Document the source and reliability of every piece of information. In emergency evaluations, the source of information is as important as the information itself. Distinguish between what the patient reports, what collateral sources report, what is documented in prior records, and what you directly observe.

Complete risk assessments using a structured approach. Whether you use the Columbia Suicide Severity Rating Scale, the SAD PERSONS scale, or another framework, document your approach systematically. Cover ideation, plan, intent, means, timeline, risk factors, and protective factors as separate elements.

Document the medical clearance process explicitly. The medical clearance note should specify what was evaluated (labs, physical exam, vital signs), what was found or ruled out, and the conclusion that the patient is medically appropriate for the recommended psychiatric disposition.

Write the disposition rationale as if it will be read in court. It may be. Whether you admit or discharge, the record must explain why that was the clinically sound decision. Address the risk factors that support the decision and the factors you weighed against it.
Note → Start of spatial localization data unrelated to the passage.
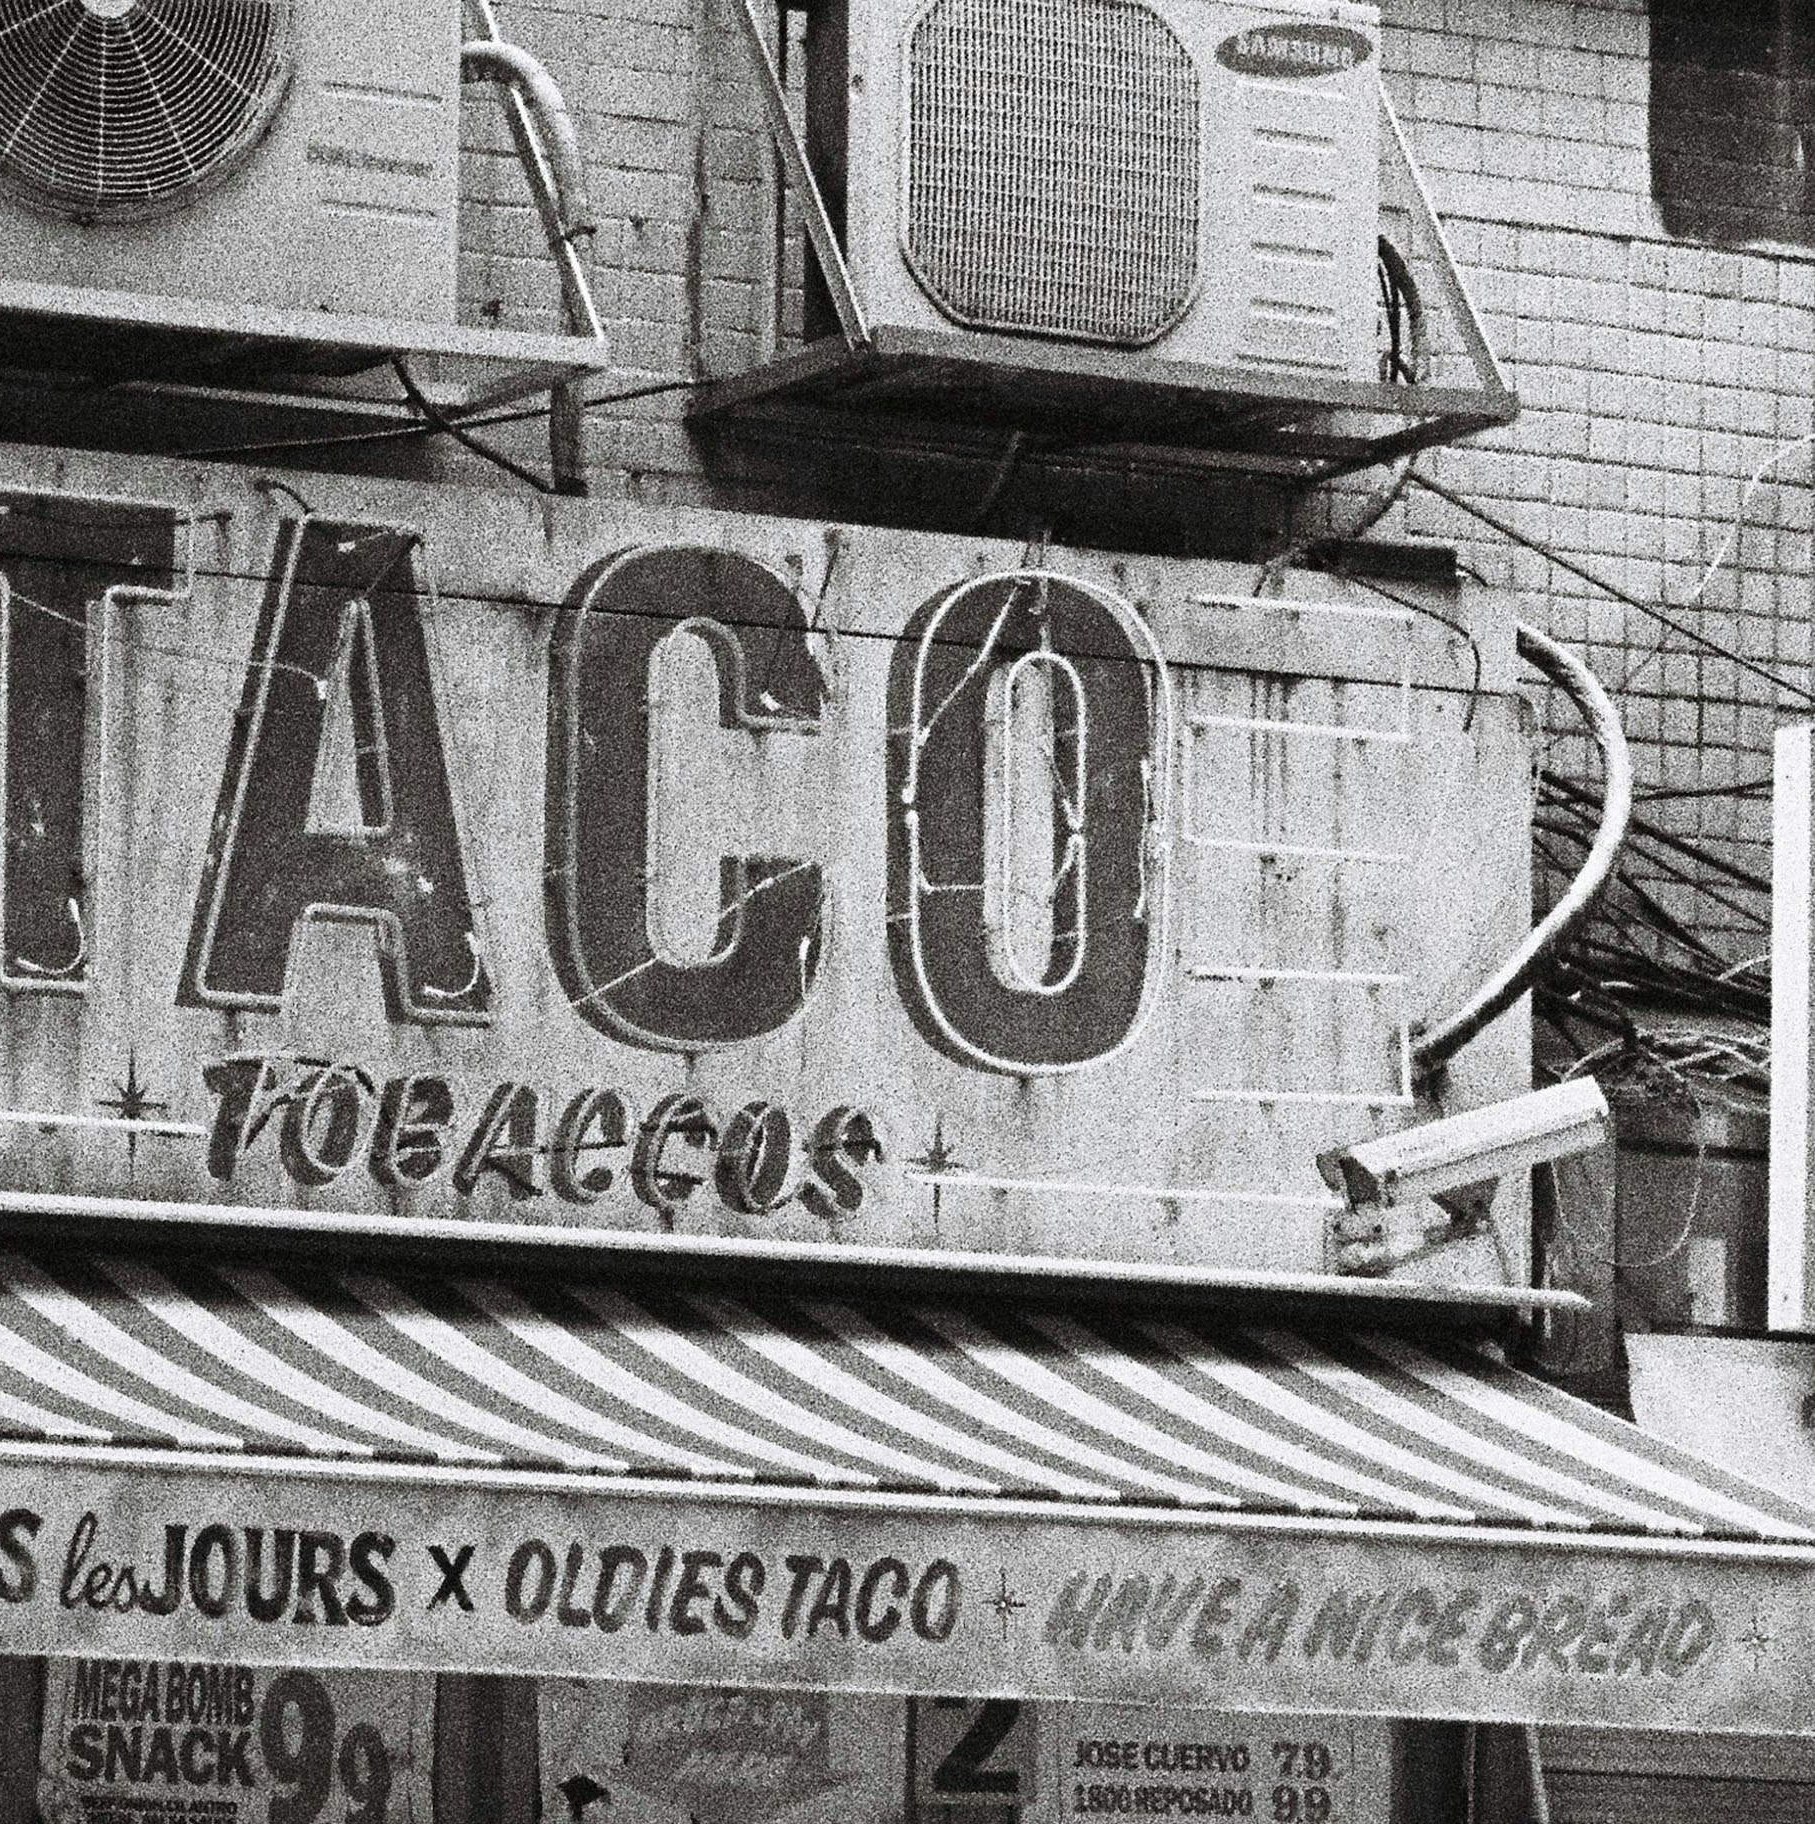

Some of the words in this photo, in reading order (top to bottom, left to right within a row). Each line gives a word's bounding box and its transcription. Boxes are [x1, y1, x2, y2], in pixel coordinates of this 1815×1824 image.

[1237, 31, 1353, 70] SAMSUNG
[203, 1048, 883, 1224] TOBACCOS
[59, 1508, 139, 1616] les
[139, 1522, 398, 1629] JOURS
[427, 1544, 476, 1613] X
[503, 1536, 765, 1641] OLDIES
[776, 1554, 964, 1647] TACO
[1043, 1568, 1243, 1656] HAVE
[1237, 1580, 1302, 1664] A
[1300, 1584, 1490, 1671] NICE
[1477, 1588, 1719, 1681] BREAD
[72, 1661, 160, 1722] MEGA
[168, 1662, 254, 1725] BOMB
[69, 1724, 255, 1788] SNACK
[1073, 1740, 1139, 1770] JOSE
[1142, 1741, 1252, 1773] CUERVO
[1073, 1784, 1137, 1814] 1800
[1135, 1785, 1254, 1817] REPOSADO
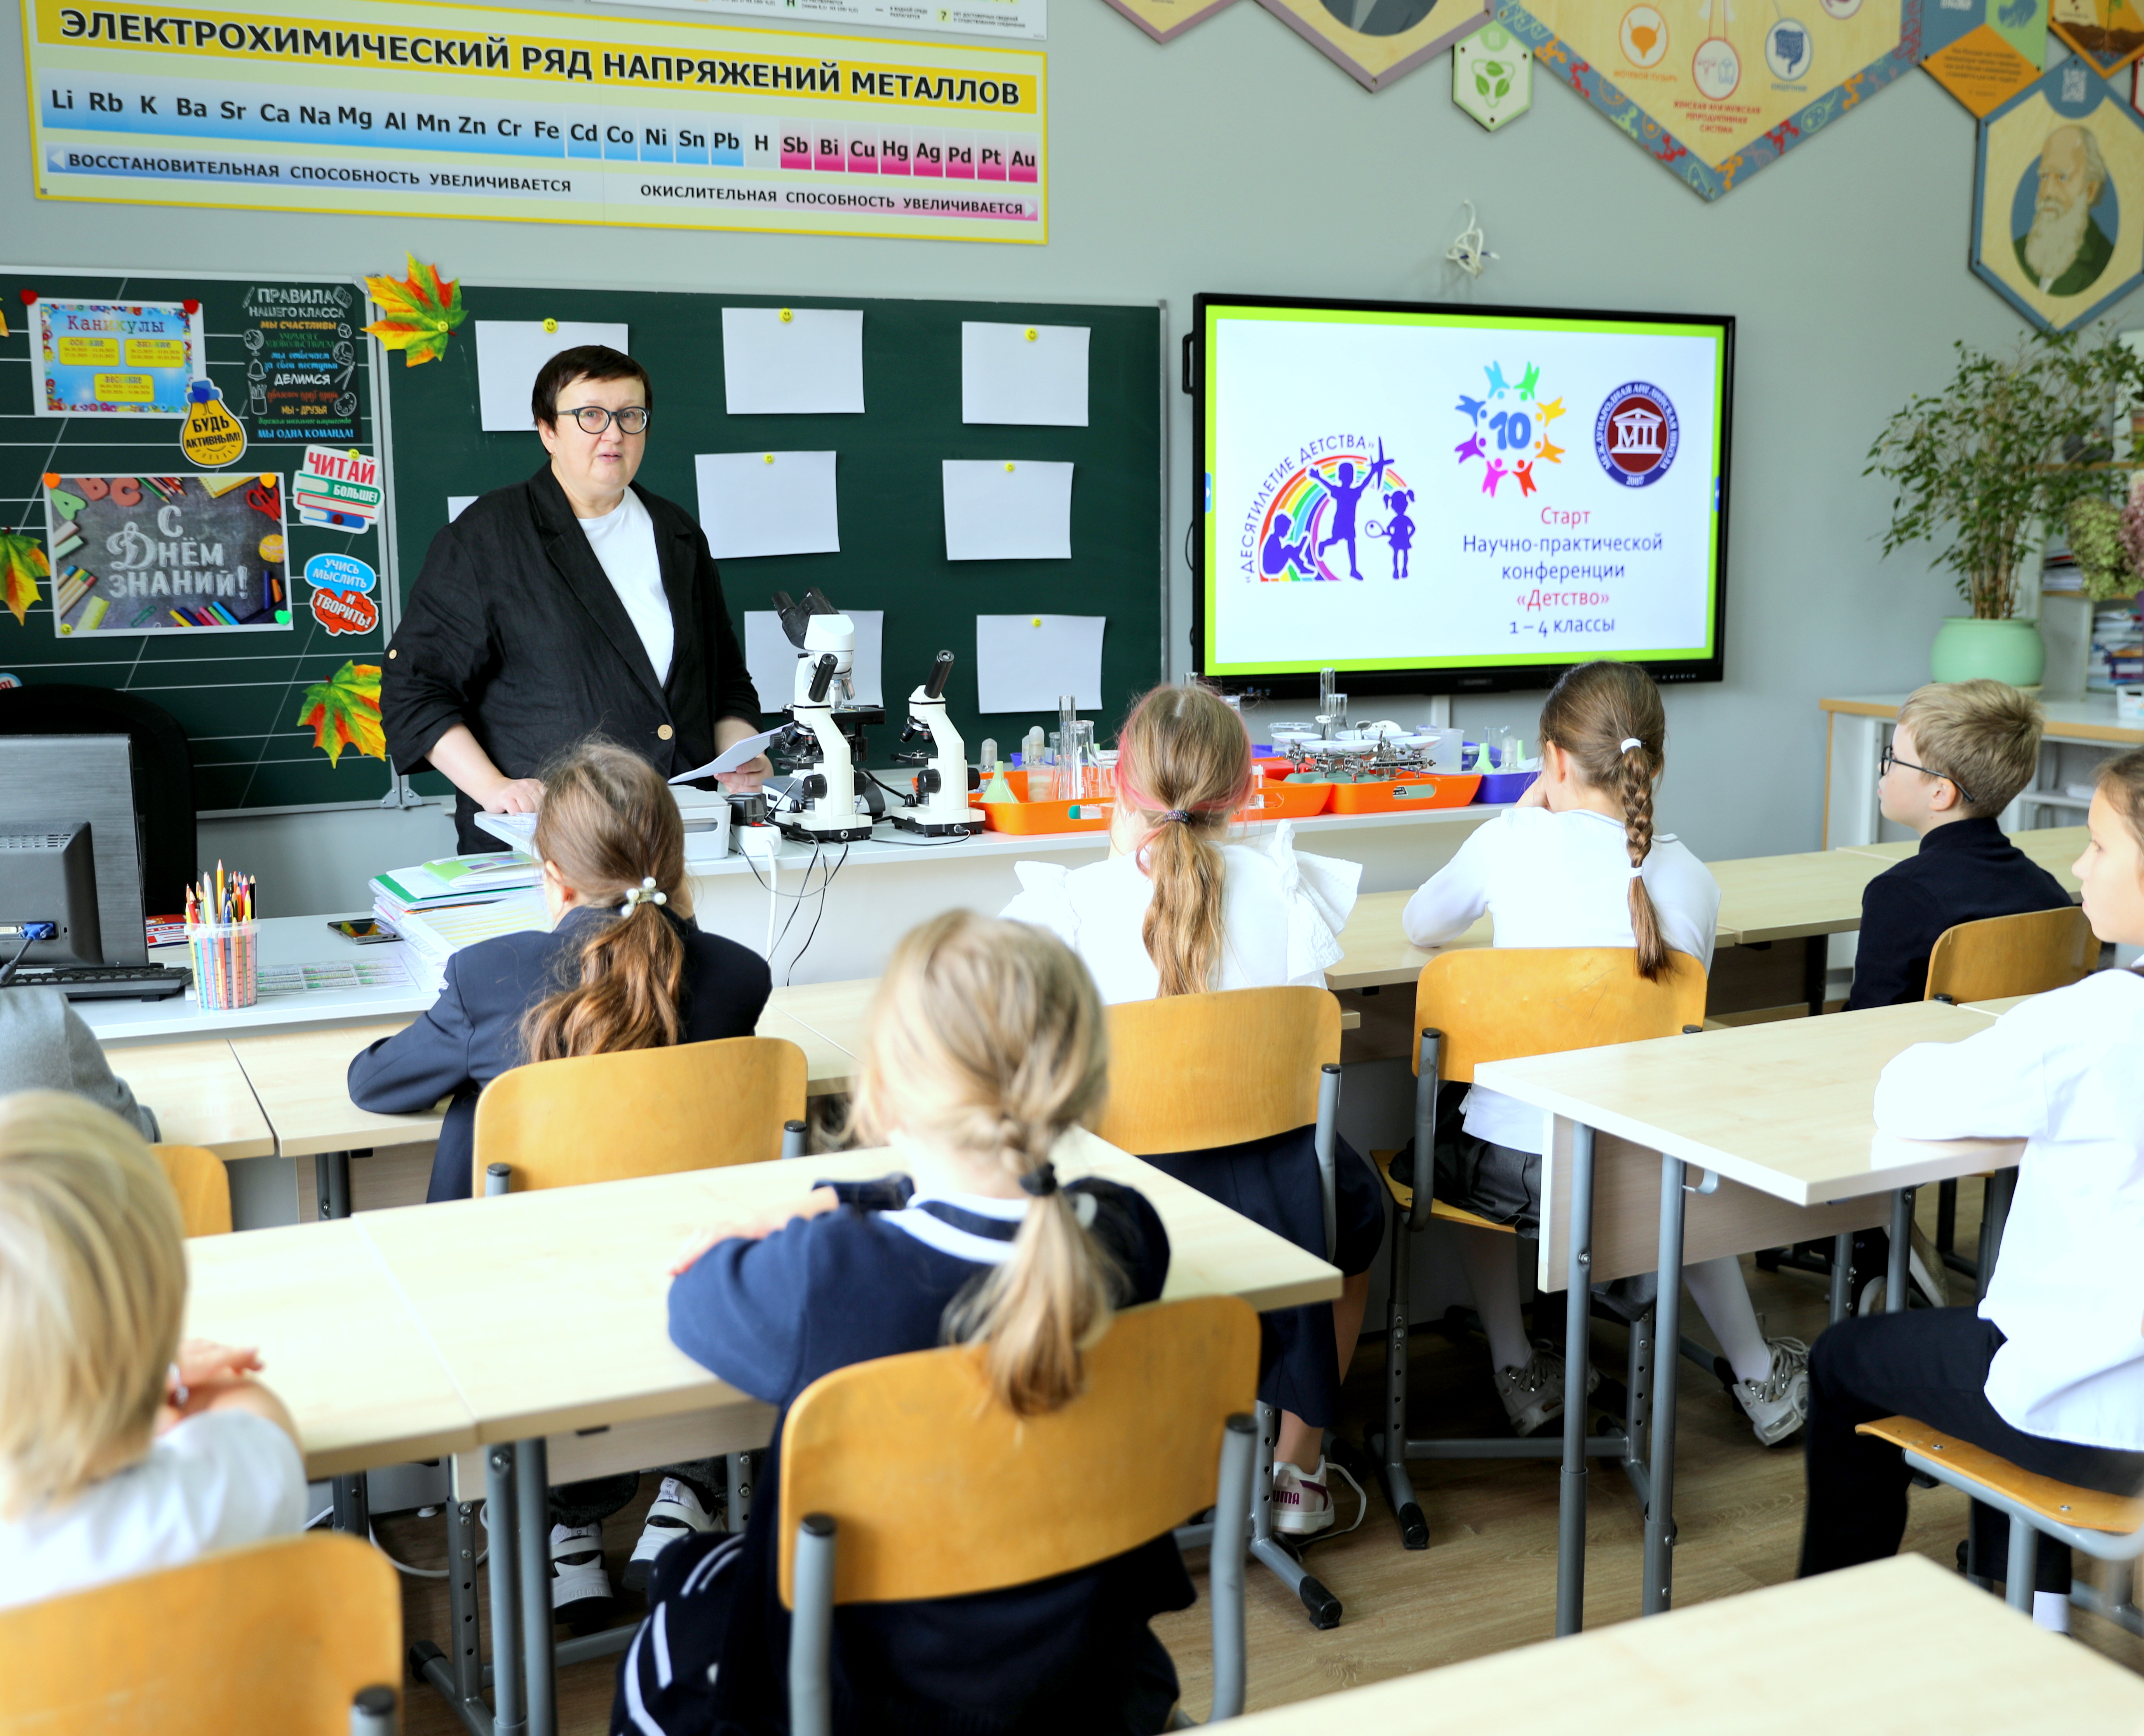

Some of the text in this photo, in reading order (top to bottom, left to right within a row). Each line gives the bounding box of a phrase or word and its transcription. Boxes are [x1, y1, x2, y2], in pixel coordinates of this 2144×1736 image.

Document capacity assessments when patients refuse treatment. If a patient wants to leave the ED against medical advice, document your assessment of their decision-making capacity. If they lack capacity or meet involuntary criteria, initiate appropriate holds rather than allowing AMA departure.

Use direct quotes for critical statements. When a patient says "I want to kill myself" or "I would never hurt myself," quote them directly. Direct quotes carry more weight than paraphrased summaries.

Document all collateral contacts and attempts. Every call made to gather information, whether successful or not, should be documented with the time, the person contacted, and the information obtained or the reason the contact was unsuccessful.

Common Mistakes

Discharging high-risk patients with inadequate safety documentation. When a patient with suicidal ideation is discharged from the ED, the record must demonstrate a comprehensive risk assessment, a collaboratively developed safety plan, means restriction counseling, concrete follow-up arrangements, and a clear rationale for why outpatient management is safe and appropriate.

Incomplete involuntary hold documentation. Involuntary holds are legal documents. Missing elements, incorrect statutory language, or failure to document within required timeframes can result in the hold being challenged and overturned, even when clinically appropriate.

Failing to document the medical screening examination. EMTALA requires documentation that a medical screening examination was performed for every ED patient. A psychiatric evaluation alone does not satisfy this requirement; the medical screening must also be documented.

Not documenting discrepancies between sources. When the patient denies suicidal ideation but the family reports finding a suicide note, the record must document both accounts and explain how you reconciled the discrepancy in your clinical decision-making.

Delaying documentation until end of shift. Emergency psychiatric evaluations involve complex clinical details that degrade rapidly in memory. Notes should be completed or substantially drafted during or immediately after each evaluation.

Discharging intoxicated patients without reassessment. If a patient presents with suicidal ideation while intoxicated, a reassessment when sober is the standard of care. Discharging based solely on the intoxicated presentation without a sober re-evaluation is a high-risk documentation and clinical gap.

Inadequate discharge instructions. A discharge note that says "follow up with outpatient" without specific provider names, appointment dates, and crisis resources does not meet the standard of care. Document concrete, actionable follow-up plans.